The problem for many companies building AI products is that proper assurance can be bloody hard work; sometimes harder than developing the product itself.

It's not sufficient to just ask "does the output look good?" In regulated industries in particular, you need to be able to show, repeatedly, that each AI-supported task is doing what it is meant to do — and not doing anything that it shouldn't.

So while you may be testing prompts, reviewing outputs and collecting user feedback, that is very different from having a repeatable assurance layer underneath the product.

What assurance looks like in practice

Over the past few months I've been developing this kind of framework for a client building LegalTech applications on top of foundation models.

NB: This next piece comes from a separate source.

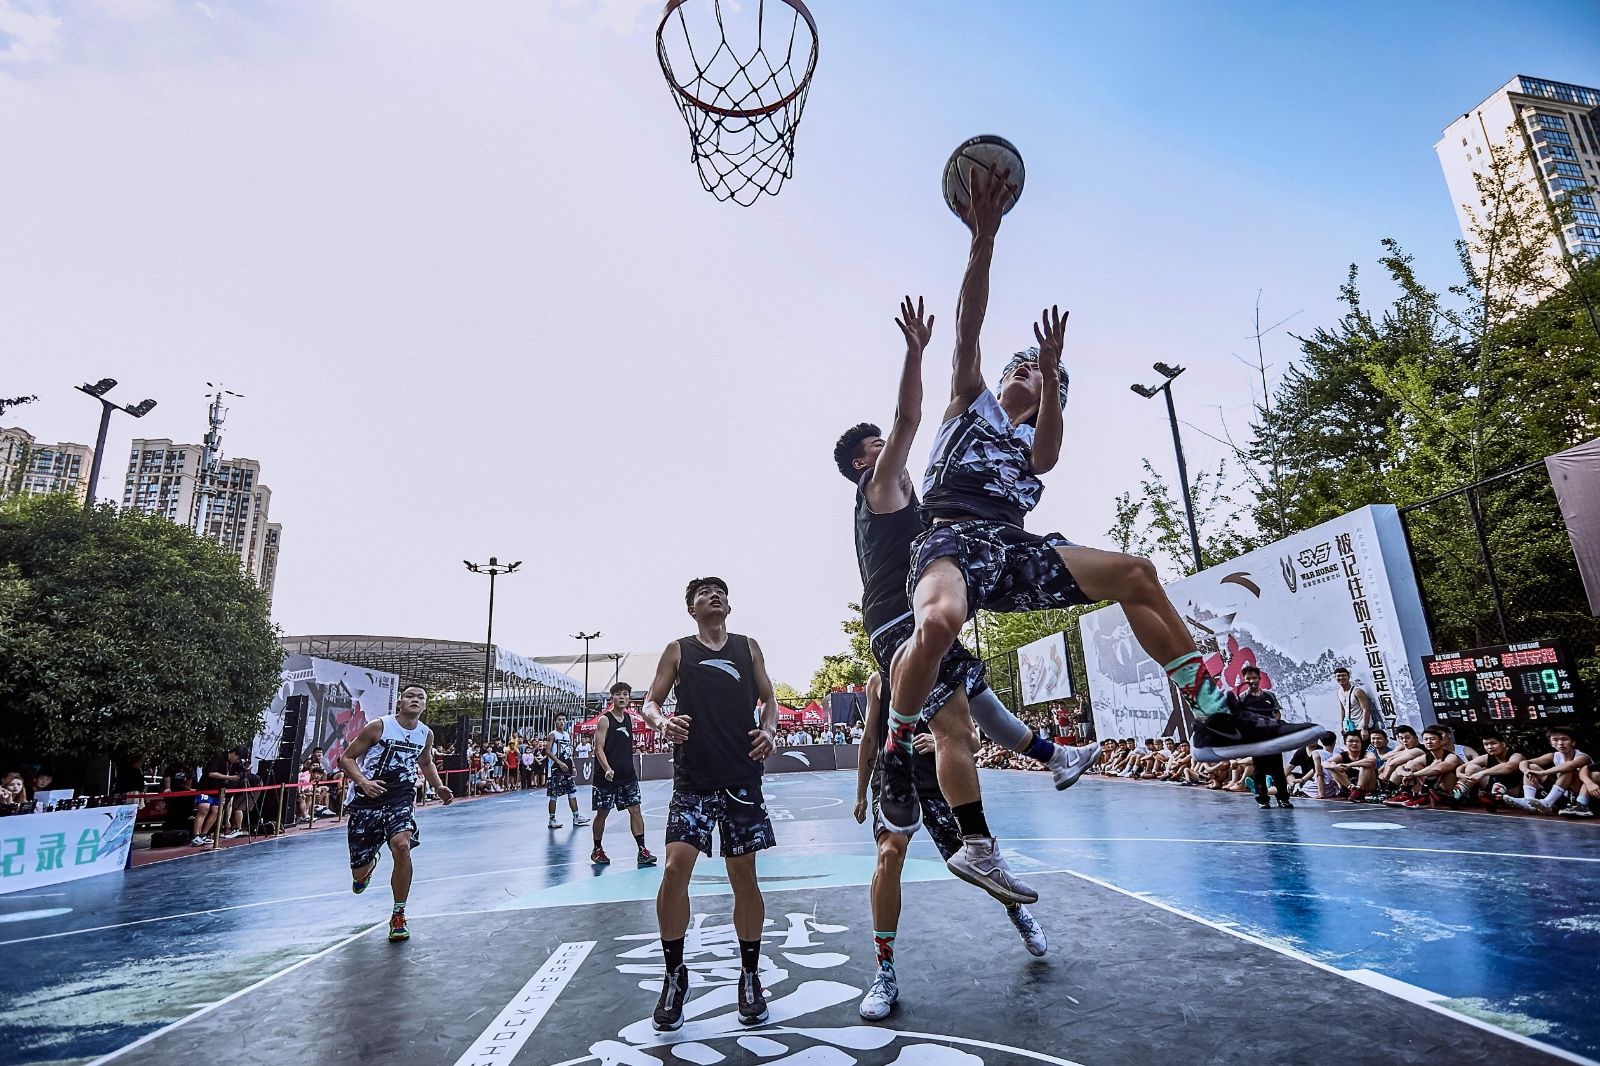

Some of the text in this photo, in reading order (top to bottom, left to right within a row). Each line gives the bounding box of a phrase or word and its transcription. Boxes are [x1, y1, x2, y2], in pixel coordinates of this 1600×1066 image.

[1300, 564, 1339, 581] WAR HORSE
[1450, 678, 1470, 699] 12
[1541, 669, 1559, 693] 9

For one workflow alone, that has meant breaking the process into over 15 individual, testable tasks, building an evaluation pipeline that uses the same calls as the production code, drafting and iterating golden test sets covering each task, and repeatedly reviewing, testing, and refining the results.

In the process, we've had to answer and document a whole bunch of important questions:

  • What tasks in the workflow is AI assisting?
  • How do foundation model outputs flow through the application?
  • What do good outputs look like for each task?
  • What are the predictable failure modes?
  • What are the best examples to test with?
  • What metrics actually matter?
  • What changes need to trigger the assurance pipeline?

Where AI workflows actually fail

In product workflows, foundation models are rarely just doing one generic thing. They can be retrieving, classifying, summarising, ranking, extracting, drafting, checking sources, and making judgements that later outputs depend on.

Each of those steps can fail in different ways. A final output that "looks good" could actually hide a weak intermediate step. A plausible summary can distort a source found earlier in the workflow. A relevance filter can drop an important piece of earlier evidence. A prompt change can improve one task while damaging others.

My sense is that many organisations aren't avoiding assurance because they don’t care. More likely, they're not sure why they need it, and even then they may not have a practical framework for doing it. That's perhaps why AI assurance is still treated as something abstract, legalistic or overkill. But at product level, it can be very concrete: task inventories, golden test sets, metrics and thresholds, evaluation runs, reviewer notes, and system cards.

The point is not perfection

The point is not to prove that domain-specific AI applications are perfect. It is to give users appropriate reassurance, and to enable product teams to test and improve their systems, explain them to clients, and know when a change has made them worse.

And as the pace at which foundation models change accelerates, for professional AI applications that is going to matter more and more.